FBI has turned over to Spain two of the world maps from Ptolemy's 'Geographia' that were stolen from Madrid's National Library in August, the Spanish news agency EFE said.
FBI chief Robert Muller handed over the maps to Spain's general director of the National Police and Civil Guard Joan Mesquida Thursday.
The first of the maps -- which were recovered in the US -- is a cosmography printed in 1482 and the second is a geography map from 1507 showing the newly discovered New World.
Only four examples of the second exist, while there are only two copies of the cosmography, one in the National Library in Spain -- the one that was returned Thursday -- and another at the Juan March Foundation in Mallorca.
The cosmography belongs to the same edition as another map that was also stolen in August but was recovered recently in Sydney, Australia.
The method of colouring the map -- the colours of which are still quite brilliant -- is unique, according to the Spanish interior ministry.
Eight other world maps, stolen in the same batch but found in Argentina, have already been returned to Spain, and the map found in Sydney, would be turned over by Australian authorities within a month at the most, Mesquida said.
National Library officials reported the theft of the maps last August.
Claudius Ptolemy (85-165), a Greek astronomer and geographer, lived and worked in Alexandria, Egypt, when it was under the control of the Roman Empire. His activities included studying the movements of the known planets, predicting their future positions and cataloguing the stars.

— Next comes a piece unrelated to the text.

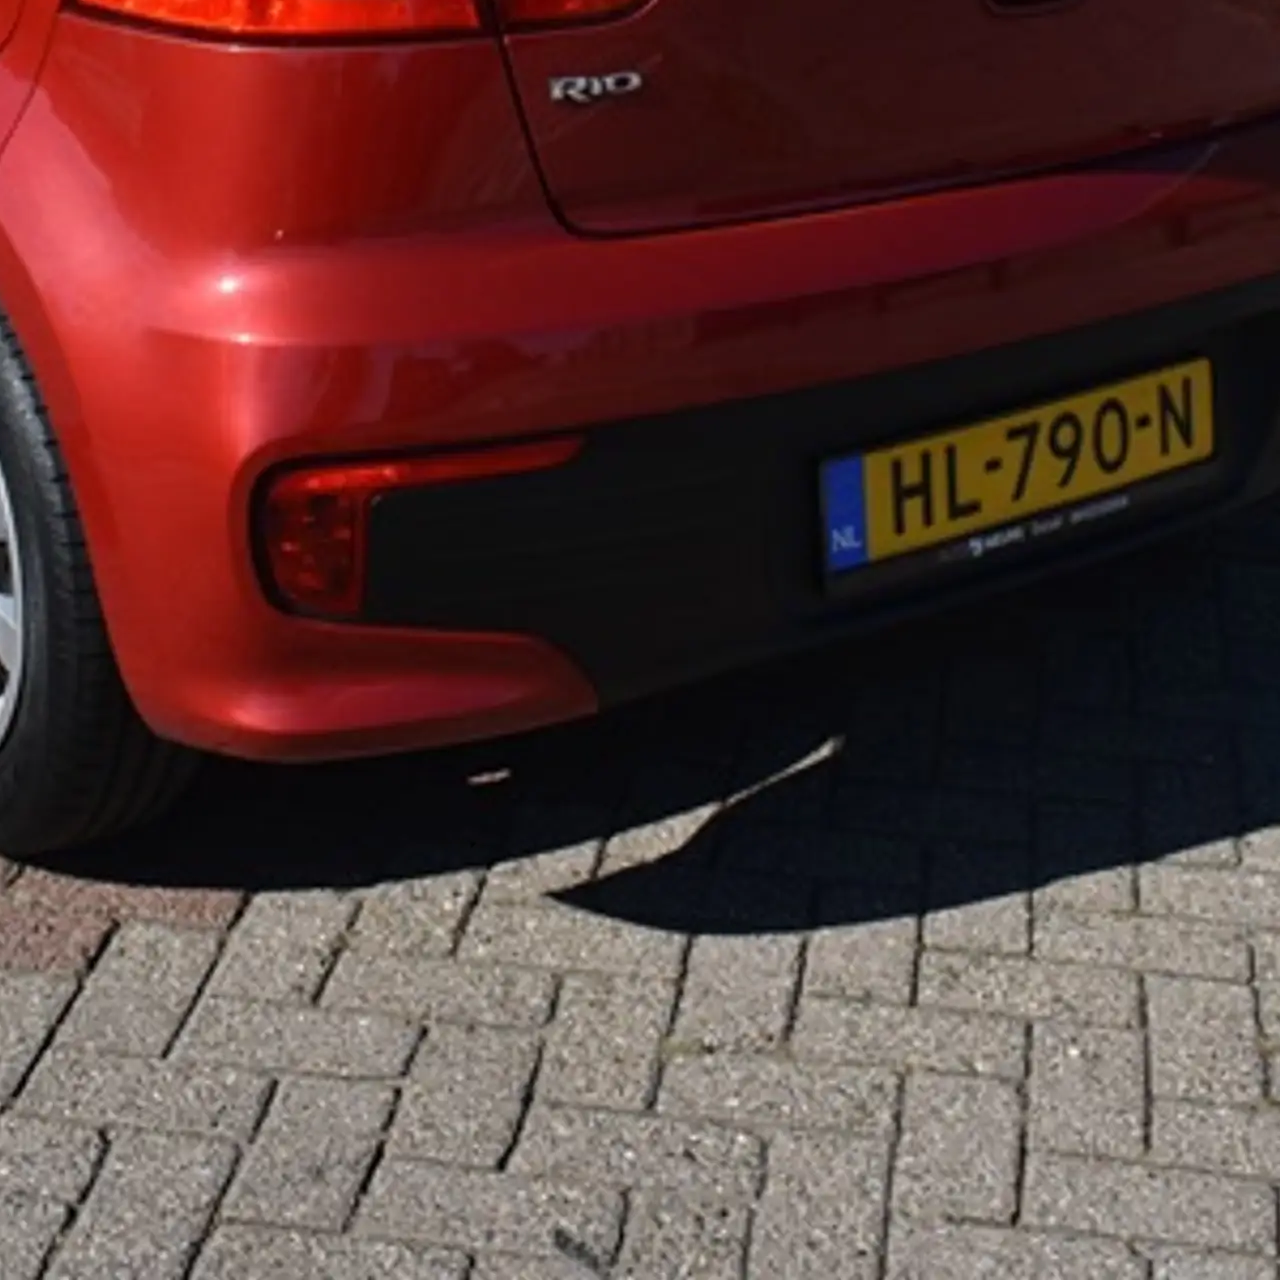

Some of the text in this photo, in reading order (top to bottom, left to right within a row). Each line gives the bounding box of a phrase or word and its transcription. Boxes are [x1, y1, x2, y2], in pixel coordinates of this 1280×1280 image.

[549, 71, 642, 103] RIO
[889, 376, 1195, 536] HL-790-N
[831, 524, 862, 553] NL

His basic contribution was his geocentric model of the universe. He believed that the earth was fixed in the centre of the universe and that the planets and stars revolved around it.
Ptolemy's cosmological theories remained influential until the 16th century.
Cesar Gomez Rivero, a 60-year-old Spanish citizen of Uruguayan origin who is a resident of Argentina, has been accused of the theft, but he remains a fugitive and returned several of the documents, according to his lawyer.